[Records for the exercise]:
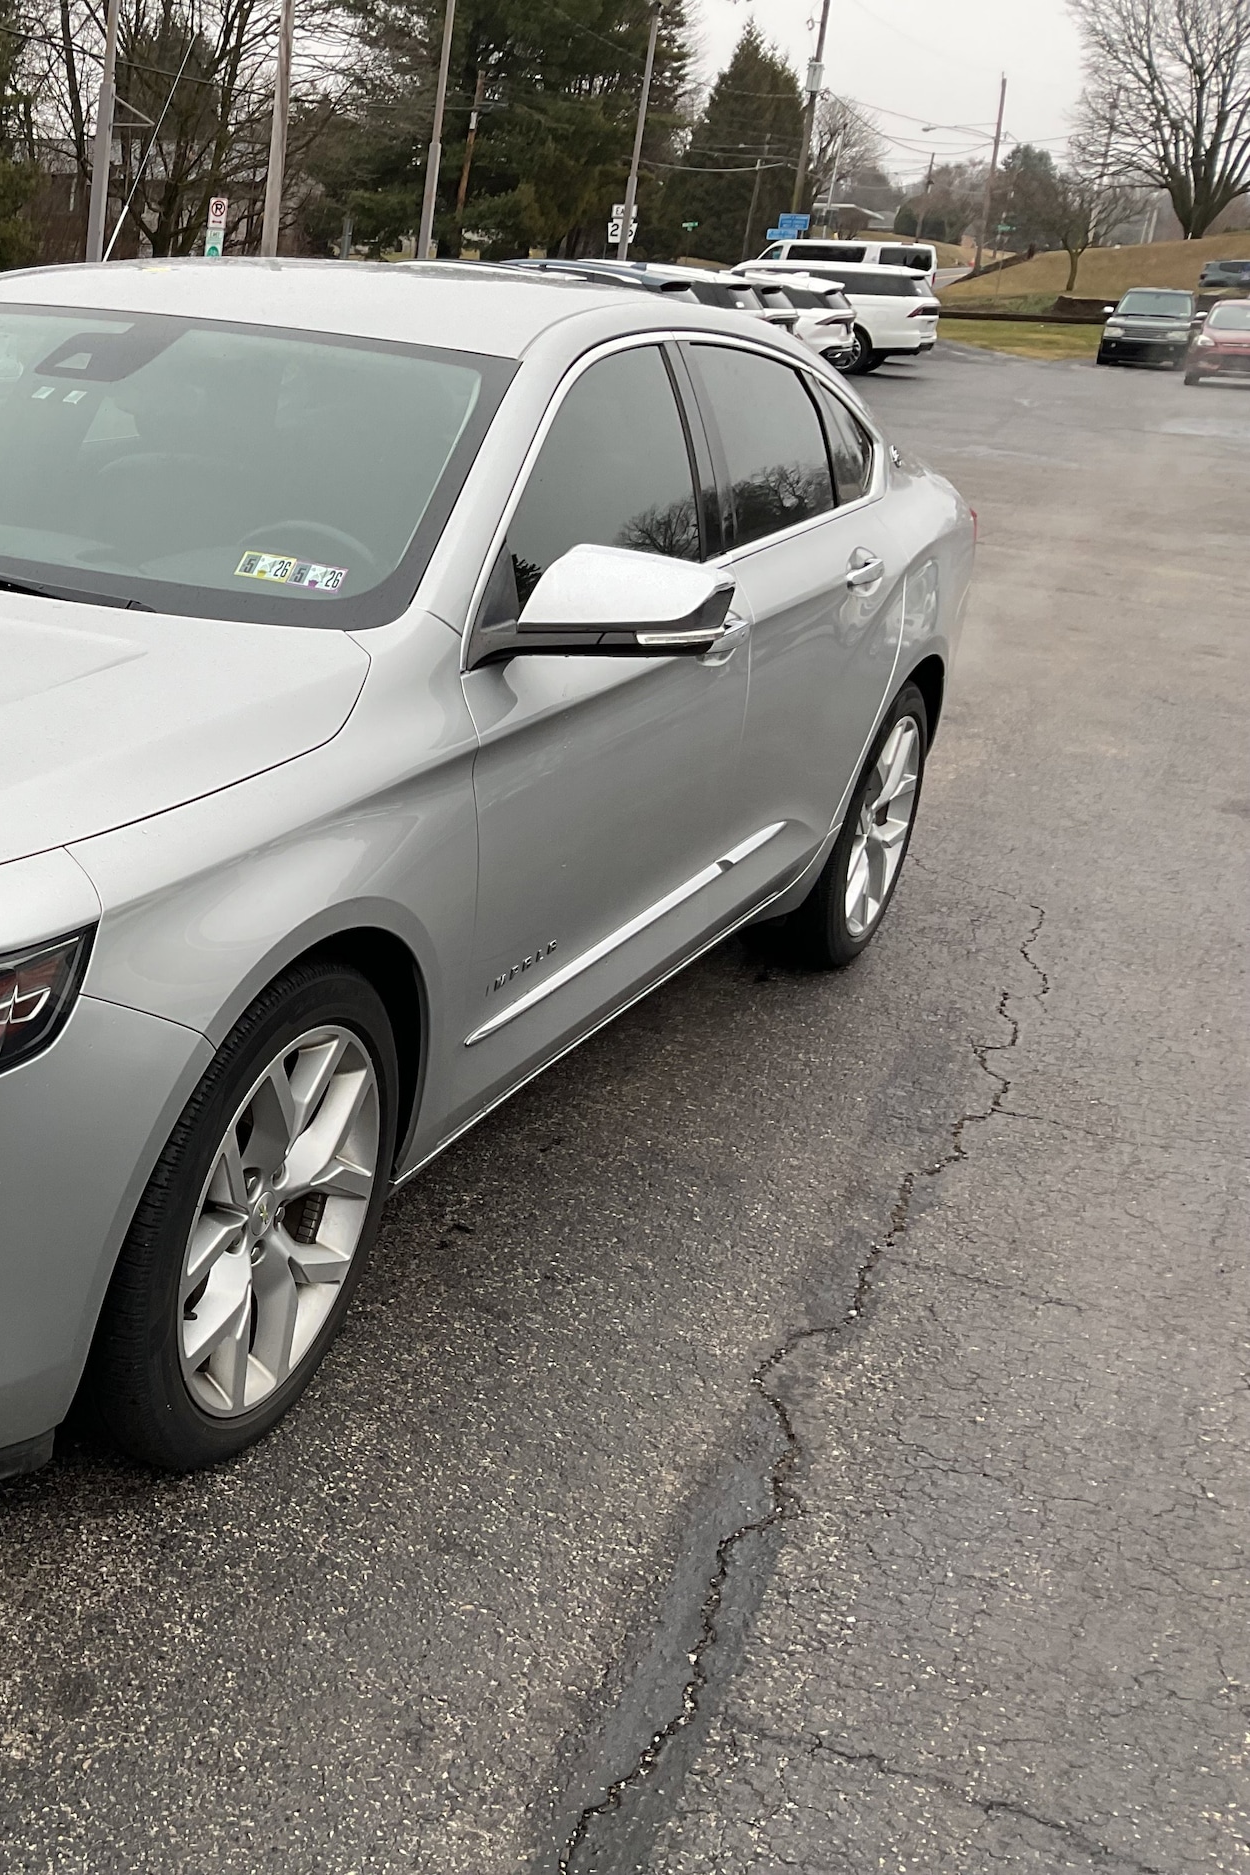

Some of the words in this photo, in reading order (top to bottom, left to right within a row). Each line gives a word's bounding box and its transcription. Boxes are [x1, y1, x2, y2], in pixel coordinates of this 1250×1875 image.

[244, 558, 257, 574] 5
[273, 560, 292, 578] 26
[293, 567, 307, 583] 5
[324, 570, 343, 589] 26
[485, 939, 557, 997] IMPALA

[What this task involves]: The answer must be an exact copy of the records, with no images in it.

[Response box]:
Some of the words in this photo, in reading order (top to bottom, left to right within a row). Each line gives a word's bounding box and its transcription. Boxes are [x1, y1, x2, y2], in pixel coordinates of this 1250×1875 image.

[244, 558, 257, 574] 5
[273, 560, 292, 578] 26
[293, 567, 307, 583] 5
[324, 570, 343, 589] 26
[485, 939, 557, 997] IMPALA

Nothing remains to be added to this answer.